### [Data for analysis]
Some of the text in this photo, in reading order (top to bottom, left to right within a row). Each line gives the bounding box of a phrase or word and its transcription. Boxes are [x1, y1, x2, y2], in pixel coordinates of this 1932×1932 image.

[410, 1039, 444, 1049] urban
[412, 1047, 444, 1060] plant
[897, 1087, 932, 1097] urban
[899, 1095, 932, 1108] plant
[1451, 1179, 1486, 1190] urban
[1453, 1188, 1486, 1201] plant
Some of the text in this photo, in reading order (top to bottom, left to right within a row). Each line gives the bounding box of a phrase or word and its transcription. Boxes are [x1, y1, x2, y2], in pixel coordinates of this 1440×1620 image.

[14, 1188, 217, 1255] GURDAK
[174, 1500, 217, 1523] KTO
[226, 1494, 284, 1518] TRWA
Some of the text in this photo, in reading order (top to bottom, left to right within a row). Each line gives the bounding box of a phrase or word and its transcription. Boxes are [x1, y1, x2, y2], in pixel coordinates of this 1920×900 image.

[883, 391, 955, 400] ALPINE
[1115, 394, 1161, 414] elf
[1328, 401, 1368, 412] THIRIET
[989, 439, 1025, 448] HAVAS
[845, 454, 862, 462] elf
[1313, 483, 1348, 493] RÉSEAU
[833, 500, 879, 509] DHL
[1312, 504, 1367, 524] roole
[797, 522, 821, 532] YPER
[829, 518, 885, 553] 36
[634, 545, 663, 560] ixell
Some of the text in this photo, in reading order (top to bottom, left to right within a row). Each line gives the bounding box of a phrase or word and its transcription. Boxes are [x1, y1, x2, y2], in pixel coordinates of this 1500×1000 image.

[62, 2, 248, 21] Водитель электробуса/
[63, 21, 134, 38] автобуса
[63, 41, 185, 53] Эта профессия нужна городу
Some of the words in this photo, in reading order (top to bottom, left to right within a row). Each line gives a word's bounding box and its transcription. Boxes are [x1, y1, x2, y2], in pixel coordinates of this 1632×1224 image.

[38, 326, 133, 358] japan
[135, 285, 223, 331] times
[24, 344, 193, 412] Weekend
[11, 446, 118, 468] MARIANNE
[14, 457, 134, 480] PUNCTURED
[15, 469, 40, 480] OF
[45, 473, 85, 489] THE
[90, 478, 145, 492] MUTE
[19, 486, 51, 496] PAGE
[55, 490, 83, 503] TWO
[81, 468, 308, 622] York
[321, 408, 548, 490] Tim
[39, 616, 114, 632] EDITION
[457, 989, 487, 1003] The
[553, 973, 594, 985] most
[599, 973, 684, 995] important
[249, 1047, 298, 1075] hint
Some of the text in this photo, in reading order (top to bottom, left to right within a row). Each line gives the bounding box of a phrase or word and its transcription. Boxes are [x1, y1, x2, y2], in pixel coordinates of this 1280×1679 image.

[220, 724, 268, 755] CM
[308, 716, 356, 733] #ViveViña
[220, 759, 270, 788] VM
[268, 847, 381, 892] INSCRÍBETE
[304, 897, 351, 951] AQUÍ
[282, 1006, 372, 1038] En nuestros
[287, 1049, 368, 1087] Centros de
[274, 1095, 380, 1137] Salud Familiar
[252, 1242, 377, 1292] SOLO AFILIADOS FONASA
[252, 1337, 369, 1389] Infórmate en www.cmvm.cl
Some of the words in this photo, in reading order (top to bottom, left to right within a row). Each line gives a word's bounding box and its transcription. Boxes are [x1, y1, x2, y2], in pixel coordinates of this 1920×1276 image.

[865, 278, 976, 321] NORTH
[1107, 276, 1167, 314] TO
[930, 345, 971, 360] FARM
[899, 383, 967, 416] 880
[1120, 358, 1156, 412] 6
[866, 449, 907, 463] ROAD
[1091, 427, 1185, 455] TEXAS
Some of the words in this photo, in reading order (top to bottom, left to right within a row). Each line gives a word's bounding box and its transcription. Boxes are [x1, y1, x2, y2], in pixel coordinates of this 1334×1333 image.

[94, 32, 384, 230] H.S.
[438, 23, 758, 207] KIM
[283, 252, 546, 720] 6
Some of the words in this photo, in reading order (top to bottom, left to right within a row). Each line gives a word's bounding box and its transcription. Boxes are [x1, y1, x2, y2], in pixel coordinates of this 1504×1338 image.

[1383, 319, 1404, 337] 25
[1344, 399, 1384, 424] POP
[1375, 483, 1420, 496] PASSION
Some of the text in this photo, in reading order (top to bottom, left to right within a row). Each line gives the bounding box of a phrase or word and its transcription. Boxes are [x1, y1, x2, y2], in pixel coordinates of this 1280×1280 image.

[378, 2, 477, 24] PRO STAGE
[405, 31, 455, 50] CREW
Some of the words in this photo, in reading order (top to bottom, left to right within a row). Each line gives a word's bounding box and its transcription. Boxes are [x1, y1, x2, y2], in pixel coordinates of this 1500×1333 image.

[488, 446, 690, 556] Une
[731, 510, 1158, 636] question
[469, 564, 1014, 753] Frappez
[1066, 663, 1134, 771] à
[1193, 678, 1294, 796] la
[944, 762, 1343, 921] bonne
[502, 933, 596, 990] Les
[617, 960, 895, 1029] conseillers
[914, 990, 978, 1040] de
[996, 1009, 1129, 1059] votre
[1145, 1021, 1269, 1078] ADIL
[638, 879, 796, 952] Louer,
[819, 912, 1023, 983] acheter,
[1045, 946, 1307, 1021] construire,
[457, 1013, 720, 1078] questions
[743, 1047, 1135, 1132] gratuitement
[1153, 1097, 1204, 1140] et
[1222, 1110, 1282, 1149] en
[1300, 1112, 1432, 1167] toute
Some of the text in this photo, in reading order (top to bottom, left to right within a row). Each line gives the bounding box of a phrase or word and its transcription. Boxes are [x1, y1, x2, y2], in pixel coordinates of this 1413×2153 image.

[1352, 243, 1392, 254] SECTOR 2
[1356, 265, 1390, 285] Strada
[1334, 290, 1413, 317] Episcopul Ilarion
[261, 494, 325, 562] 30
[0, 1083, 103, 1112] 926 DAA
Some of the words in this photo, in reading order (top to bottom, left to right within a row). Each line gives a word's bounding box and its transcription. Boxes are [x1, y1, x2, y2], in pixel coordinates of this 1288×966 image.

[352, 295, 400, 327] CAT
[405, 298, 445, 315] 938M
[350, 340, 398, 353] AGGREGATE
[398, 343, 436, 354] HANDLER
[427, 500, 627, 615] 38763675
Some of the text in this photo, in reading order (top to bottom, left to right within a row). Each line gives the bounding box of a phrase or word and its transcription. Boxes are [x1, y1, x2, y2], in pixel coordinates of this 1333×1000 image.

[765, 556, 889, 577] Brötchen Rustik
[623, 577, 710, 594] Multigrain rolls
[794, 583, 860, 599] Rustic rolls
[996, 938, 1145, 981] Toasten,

### [What you should do]
Each line of the material should be duplicated exactly, please.

### [Your solution]
Some of the text in this photo, in reading order (top to bottom, left to right within a row). Each line gives the bounding box of a phrase or word and its transcription. Boxes are [x1, y1, x2, y2], in pixel coordinates of this 1932×1932 image.

[410, 1039, 444, 1049] urban
[412, 1047, 444, 1060] plant
[897, 1087, 932, 1097] urban
[899, 1095, 932, 1108] plant
[1451, 1179, 1486, 1190] urban
[1453, 1188, 1486, 1201] plant
Some of the text in this photo, in reading order (top to bottom, left to right within a row). Each line gives the bounding box of a phrase or word and its transcription. Boxes are [x1, y1, x2, y2], in pixel coordinates of this 1440×1620 image.

[14, 1188, 217, 1255] GURDAK
[174, 1500, 217, 1523] KTO
[226, 1494, 284, 1518] TRWA
Some of the text in this photo, in reading order (top to bottom, left to right within a row). Each line gives the bounding box of a phrase or word and its transcription. Boxes are [x1, y1, x2, y2], in pixel coordinates of this 1920×900 image.

[883, 391, 955, 400] ALPINE
[1115, 394, 1161, 414] elf
[1328, 401, 1368, 412] THIRIET
[989, 439, 1025, 448] HAVAS
[845, 454, 862, 462] elf
[1313, 483, 1348, 493] RÉSEAU
[833, 500, 879, 509] DHL
[1312, 504, 1367, 524] roole
[797, 522, 821, 532] YPER
[829, 518, 885, 553] 36
[634, 545, 663, 560] ixell
Some of the text in this photo, in reading order (top to bottom, left to right within a row). Each line gives the bounding box of a phrase or word and its transcription. Boxes are [x1, y1, x2, y2], in pixel coordinates of this 1500×1000 image.

[62, 2, 248, 21] Водитель электробуса/
[63, 21, 134, 38] автобуса
[63, 41, 185, 53] Эта профессия нужна городу
Some of the words in this photo, in reading order (top to bottom, left to right within a row). Each line gives a word's bounding box and its transcription. Boxes are [x1, y1, x2, y2], in pixel coordinates of this 1632×1224 image.

[38, 326, 133, 358] japan
[135, 285, 223, 331] times
[24, 344, 193, 412] Weekend
[11, 446, 118, 468] MARIANNE
[14, 457, 134, 480] PUNCTURED
[15, 469, 40, 480] OF
[45, 473, 85, 489] THE
[90, 478, 145, 492] MUTE
[19, 486, 51, 496] PAGE
[55, 490, 83, 503] TWO
[81, 468, 308, 622] York
[321, 408, 548, 490] Tim
[39, 616, 114, 632] EDITION
[457, 989, 487, 1003] The
[553, 973, 594, 985] most
[599, 973, 684, 995] important
[249, 1047, 298, 1075] hint
Some of the text in this photo, in reading order (top to bottom, left to right within a row). Each line gives the bounding box of a phrase or word and its transcription. Boxes are [x1, y1, x2, y2], in pixel coordinates of this 1280×1679 image.

[220, 724, 268, 755] CM
[308, 716, 356, 733] #ViveViña
[220, 759, 270, 788] VM
[268, 847, 381, 892] INSCRÍBETE
[304, 897, 351, 951] AQUÍ
[282, 1006, 372, 1038] En nuestros
[287, 1049, 368, 1087] Centros de
[274, 1095, 380, 1137] Salud Familiar
[252, 1242, 377, 1292] SOLO AFILIADOS FONASA
[252, 1337, 369, 1389] Infórmate en www.cmvm.cl
Some of the words in this photo, in reading order (top to bottom, left to right within a row). Each line gives a word's bounding box and its transcription. Boxes are [x1, y1, x2, y2], in pixel coordinates of this 1920×1276 image.

[865, 278, 976, 321] NORTH
[1107, 276, 1167, 314] TO
[930, 345, 971, 360] FARM
[899, 383, 967, 416] 880
[1120, 358, 1156, 412] 6
[866, 449, 907, 463] ROAD
[1091, 427, 1185, 455] TEXAS
Some of the words in this photo, in reading order (top to bottom, left to right within a row). Each line gives a word's bounding box and its transcription. Boxes are [x1, y1, x2, y2], in pixel coordinates of this 1334×1333 image.

[94, 32, 384, 230] H.S.
[438, 23, 758, 207] KIM
[283, 252, 546, 720] 6
Some of the words in this photo, in reading order (top to bottom, left to right within a row). Each line gives a word's bounding box and its transcription. Boxes are [x1, y1, x2, y2], in pixel coordinates of this 1504×1338 image.

[1383, 319, 1404, 337] 25
[1344, 399, 1384, 424] POP
[1375, 483, 1420, 496] PASSION
Some of the text in this photo, in reading order (top to bottom, left to right within a row). Each line gives the bounding box of a phrase or word and its transcription. Boxes are [x1, y1, x2, y2], in pixel coordinates of this 1280×1280 image.

[378, 2, 477, 24] PRO STAGE
[405, 31, 455, 50] CREW
Some of the words in this photo, in reading order (top to bottom, left to right within a row). Each line gives a word's bounding box and its transcription. Boxes are [x1, y1, x2, y2], in pixel coordinates of this 1500×1333 image.

[488, 446, 690, 556] Une
[731, 510, 1158, 636] question
[469, 564, 1014, 753] Frappez
[1066, 663, 1134, 771] à
[1193, 678, 1294, 796] la
[944, 762, 1343, 921] bonne
[502, 933, 596, 990] Les
[617, 960, 895, 1029] conseillers
[914, 990, 978, 1040] de
[996, 1009, 1129, 1059] votre
[1145, 1021, 1269, 1078] ADIL
[638, 879, 796, 952] Louer,
[819, 912, 1023, 983] acheter,
[1045, 946, 1307, 1021] construire,
[457, 1013, 720, 1078] questions
[743, 1047, 1135, 1132] gratuitement
[1153, 1097, 1204, 1140] et
[1222, 1110, 1282, 1149] en
[1300, 1112, 1432, 1167] toute
Some of the text in this photo, in reading order (top to bottom, left to right within a row). Each line gives the bounding box of a phrase or word and its transcription. Boxes are [x1, y1, x2, y2], in pixel coordinates of this 1413×2153 image.

[1352, 243, 1392, 254] SECTOR 2
[1356, 265, 1390, 285] Strada
[1334, 290, 1413, 317] Episcopul Ilarion
[261, 494, 325, 562] 30
[0, 1083, 103, 1112] 926 DAA
Some of the words in this photo, in reading order (top to bottom, left to right within a row). Each line gives a word's bounding box and its transcription. Boxes are [x1, y1, x2, y2], in pixel coordinates of this 1288×966 image.

[352, 295, 400, 327] CAT
[405, 298, 445, 315] 938M
[350, 340, 398, 353] AGGREGATE
[398, 343, 436, 354] HANDLER
[427, 500, 627, 615] 38763675
Some of the text in this photo, in reading order (top to bottom, left to right within a row). Each line gives the bounding box of a phrase or word and its transcription. Boxes are [x1, y1, x2, y2], in pixel coordinates of this 1333×1000 image.

[765, 556, 889, 577] Brötchen Rustik
[623, 577, 710, 594] Multigrain rolls
[794, 583, 860, 599] Rustic rolls
[996, 938, 1145, 981] Toasten,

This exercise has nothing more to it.